Un premier tour de scrutin en demi-surprise à l'élection présidentielle polonaise

RésistanceS Observatoire belge de l’extrême droite Bruxelles | Mardi 7 juillet 2020 | 15 : 15

Le président polonais sortant, Andrzej Duda (PiS), lors de sa campagne pour un second mandat © DR.


ÉLÉCTION PRÉSIDENTIELLE POLONAISE – Il y a un peu plus d'une semaine, les Polonais votaient pour le premier tour de l'élection de leur futur président. Le résultat n'a produit aucun réel changement d'orientation politique. Ce scrutin réserve malgré tout quelques surprises, avant le second tour, dimanche prochain – Par DENIS JANOWSKI

Prévu initialement les 10 et 24 mai (voir notre premier article sur cette élection ici), alors que nous étions en pleine pandémie, après de nombreux soubresauts, des propositions de voter par correspondance, l’appel au boycott des anciens présidents Walesa, Kwaszniewski et Komorowski, les menaces d’explosion de la coalition au pouvoir, le premier tour du scrutin a finalement eu lieu le dimanche 28 juin dernier.

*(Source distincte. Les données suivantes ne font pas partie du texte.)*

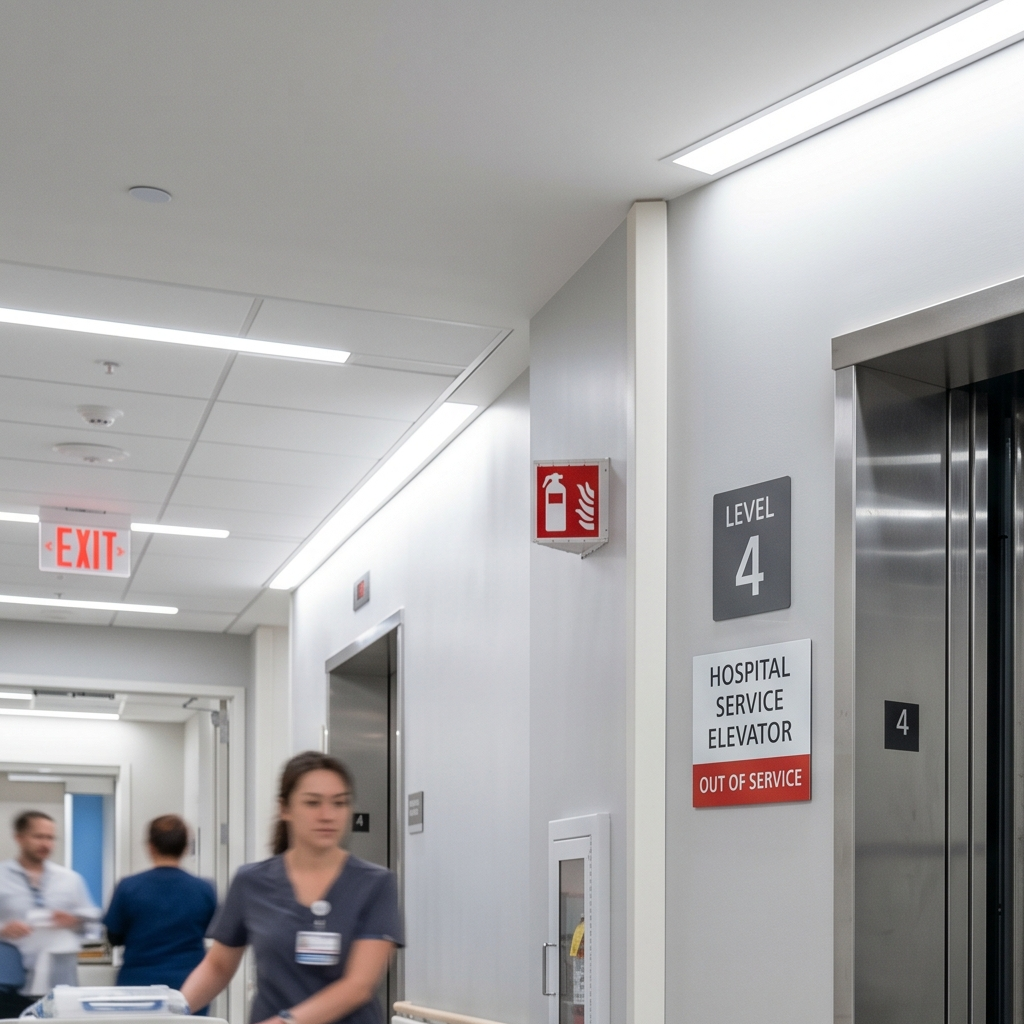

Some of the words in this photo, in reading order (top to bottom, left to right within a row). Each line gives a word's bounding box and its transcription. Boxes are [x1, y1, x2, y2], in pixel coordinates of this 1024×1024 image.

Le fort taux de participation, 64,51 %, contre 48,96 en 2015, a été l’une quelques surprises de ce premier tour. Il est le signe, comme nous l’avons écrit dans notre premier article sur cette élection, d’une société polonaise fortement polarisée entre les partisans du parti Droit et Justice (Prawo i Sprawiedliwość, PiS, au pouvoir) et ses opposants. Voter était donc un devoir absolu de toutes parts.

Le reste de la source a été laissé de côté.